MATERIAL PROVIDED -
┄┄┄┄┄┄┄┄┄┄┄┄┄┄┄┄┄┄┄┄
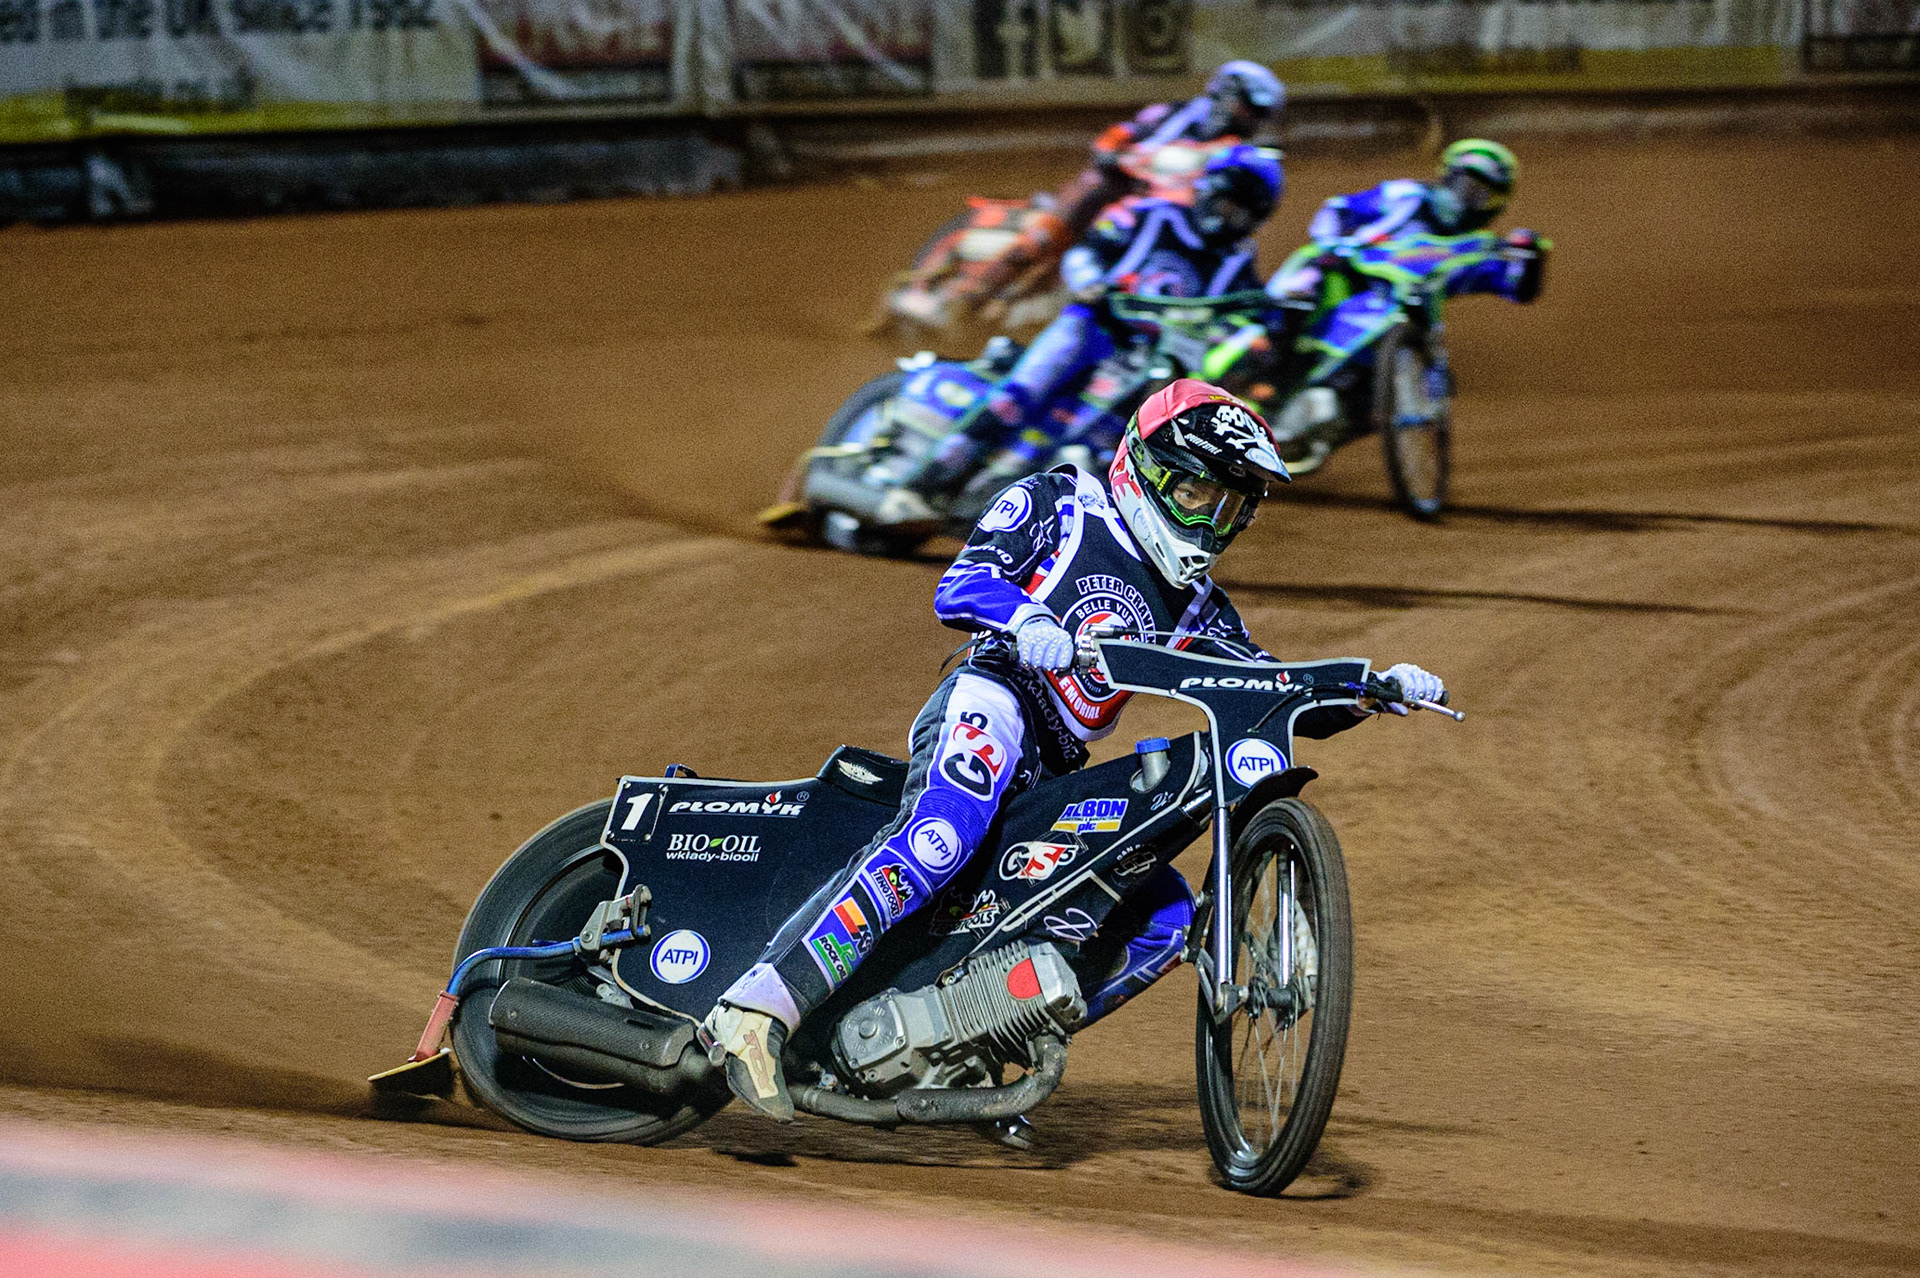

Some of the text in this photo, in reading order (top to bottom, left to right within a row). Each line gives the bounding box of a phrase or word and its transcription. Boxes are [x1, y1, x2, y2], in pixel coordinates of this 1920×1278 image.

[995, 500, 1018, 519] TPI
[1075, 575, 1124, 595] PETER
[1075, 600, 1134, 626] BELLE VUE
[1058, 676, 1100, 719] EMORIAL
[1237, 756, 1275, 772] ATPI
[620, 793, 654, 831] 1
[1060, 800, 1126, 818] ALBON
[1077, 821, 1097, 834] plc
[920, 828, 952, 860] ATPI
[660, 949, 699, 966] ATPI
[819, 936, 841, 964] ROCK
┄┄┄┄┄┄┄┄┄┄┄┄┄┄┄┄┄┄┄┄
ASSIGNMENT -
The reply is to be all the records above, transcribed exactly, with no pictures.

SOLUTION BELOW -
Some of the text in this photo, in reading order (top to bottom, left to right within a row). Each line gives the bounding box of a phrase or word and its transcription. Boxes are [x1, y1, x2, y2], in pixel coordinates of this 1920×1278 image.

[995, 500, 1018, 519] TPI
[1075, 575, 1124, 595] PETER
[1075, 600, 1134, 626] BELLE VUE
[1058, 676, 1100, 719] EMORIAL
[1237, 756, 1275, 772] ATPI
[620, 793, 654, 831] 1
[1060, 800, 1126, 818] ALBON
[1077, 821, 1097, 834] plc
[920, 828, 952, 860] ATPI
[660, 949, 699, 966] ATPI
[819, 936, 841, 964] ROCK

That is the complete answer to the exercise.